Antoine Boute : «Challenge muscu dans et avec le grand livre du monde !»

Poète sonore, écrivain, performeur, blagueur, «pornolettriste» et, parfois, bûcheron. Le bureau d’Antoine Boute se trouve dans la forêt de Tervuren, non loin de Bruxelles. En août, il a publié un Manuel de civilité biohardcore.

«Challenge réinventer la culture ? = challenge révolutionner la vie, la mort, l’amour, le mix des 3 dans la nature ! Challenge fais entrer un max de nature dans ton lieu de vie ! Challenge disparais dedans ! Challenge fais de ton lit une jungle ! Enterre-toi, terre, bananiers, le bzz des mouches en Spotify bio ! La moindre patte d’insecte à mater = méditation de l’extrême ! Challenge bois un peu de ton urine chaque fois pour checker comment tu vas ! Challenge tes selles = ton compost portable & pocket ! Challenge des odeurs yeux fermés : "je sais où brouter quelques fleurs d’ortie dans le lavabo perturbé", qui est le nec du goutte-à-goutte récup générale ! Challenge je "récupère" des poules pondeuses et en fais les amies des petits rats & rattes qui squattent sympathiquement mon chez moi !

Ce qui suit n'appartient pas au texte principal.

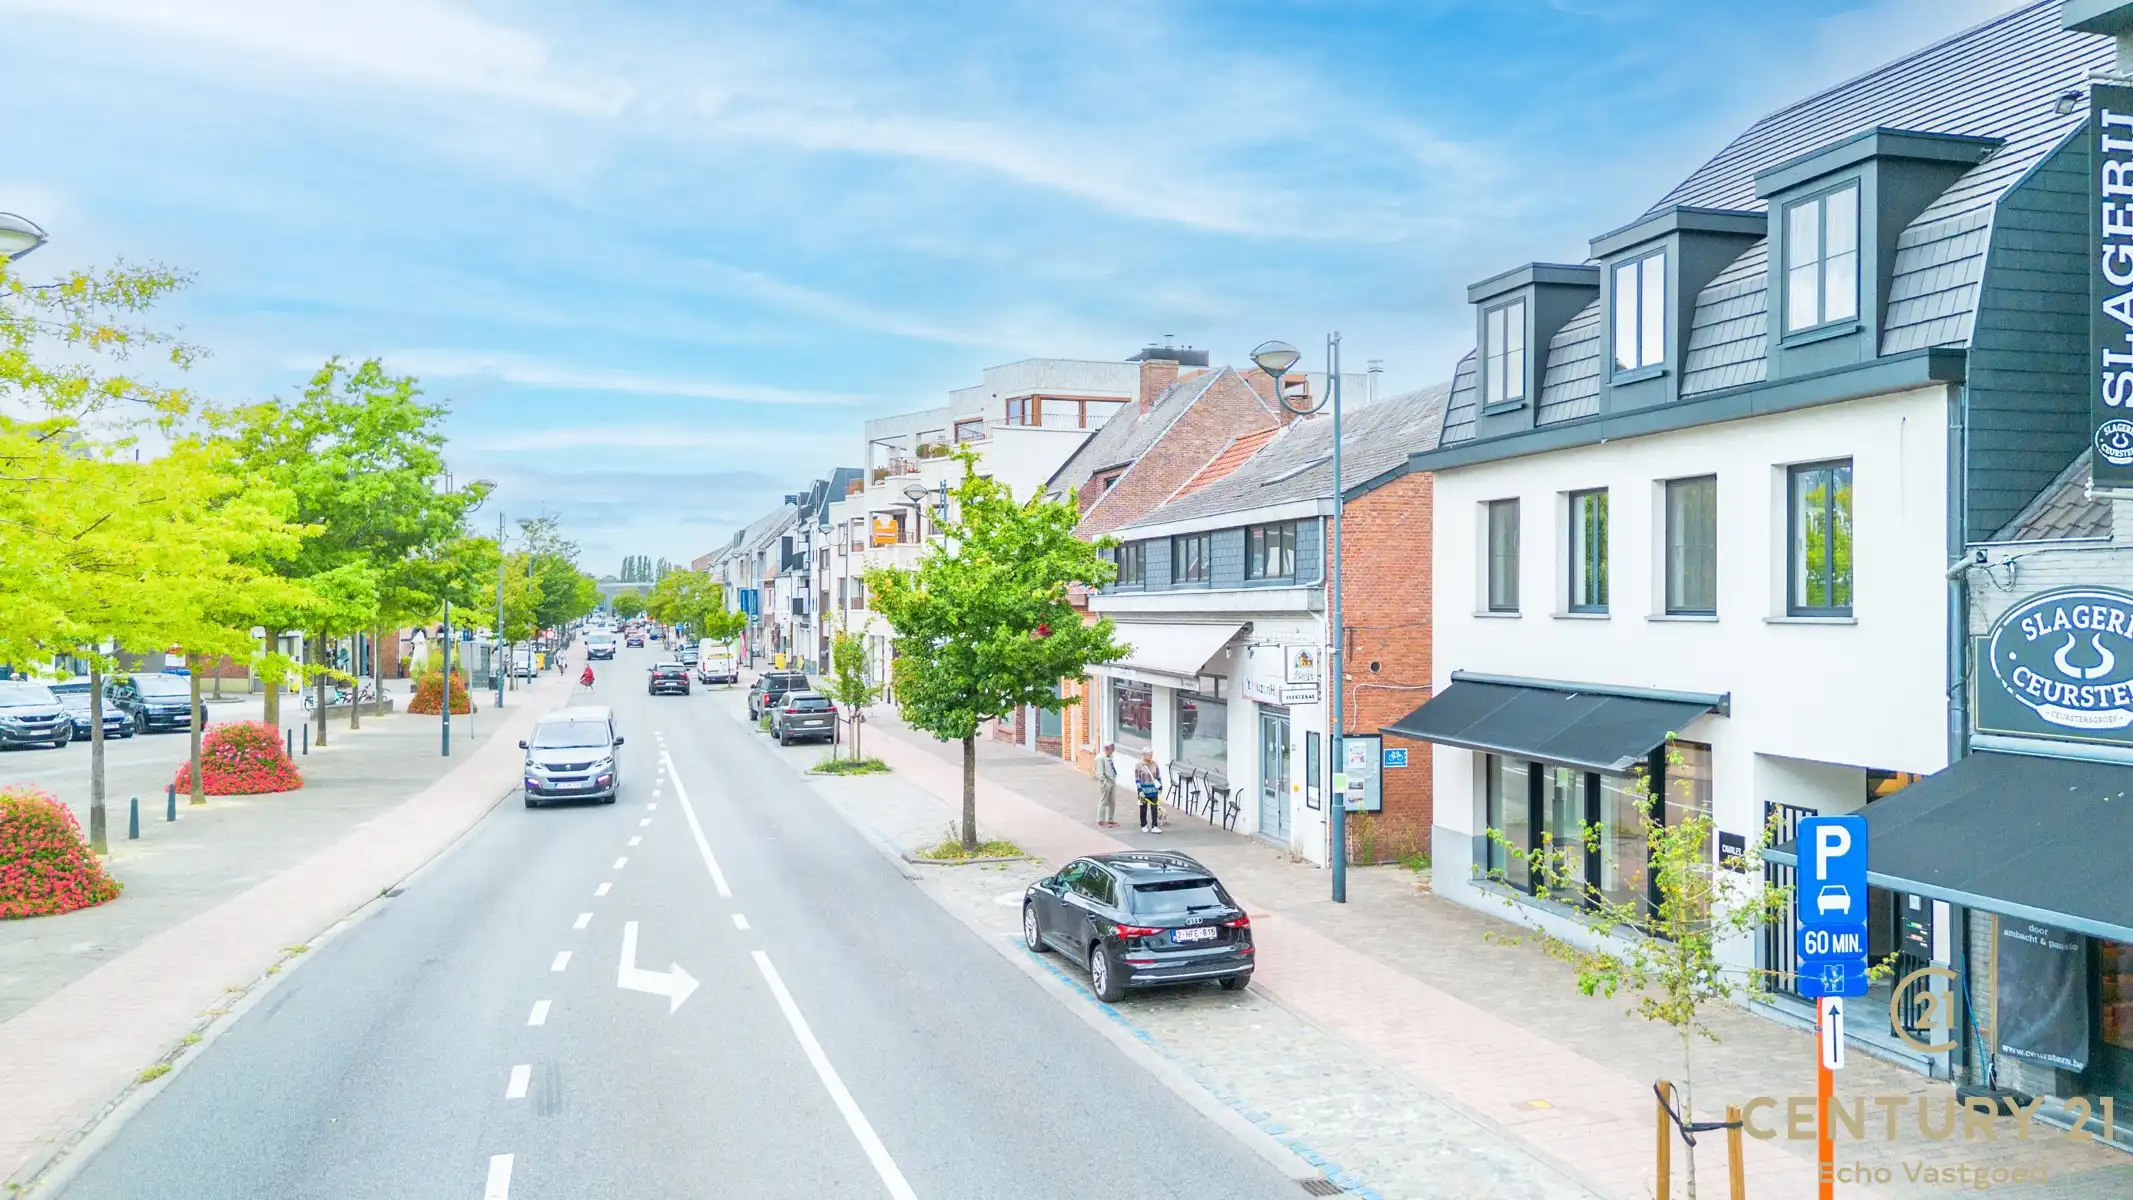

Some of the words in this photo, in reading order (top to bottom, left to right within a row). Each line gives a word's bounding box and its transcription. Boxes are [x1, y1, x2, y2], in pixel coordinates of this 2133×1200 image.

[1815, 825, 1852, 880] P
[2003, 929, 2038, 944] ambacht
[2028, 924, 2049, 936] door
[1804, 930, 1829, 954] 60
[1832, 933, 1863, 953] MIN.

«Challenge gober un·e petit·e rat·te nouve·lle·au né·e rose pour le feeling de le·a sentir gigoter dans ton estomac, brrr à la mode chinoise (tour du monde gastrono) = challenge du devenir-télé de ton estomac : oops ce soir film d’horreur, la lente agonie d’un·e bébé·e rat·te noyé·e dans un suc digestif du tonnerre ! Challenge fais de ta chambre à coucher une chambre à coucher dehors ! Nomade épileptique démesurément couché !

«Challenge entre en transe en plein film de cul du lombricompost ! Challenge bulbes à la va-comme-je-te-pousse - et où je pense ! Challenge sable en plastique pour tortues en chaleur ! Challenge muscu dans et avec le grand livre du monde ! Challenge je fais le poulpe pendant des heures et ça marche, dans le sens ça flotte ! Challenge je me tape la tête contre un mur parce que je suis un gros taureau bien à l’aise dans le déconfinement de l’existence.»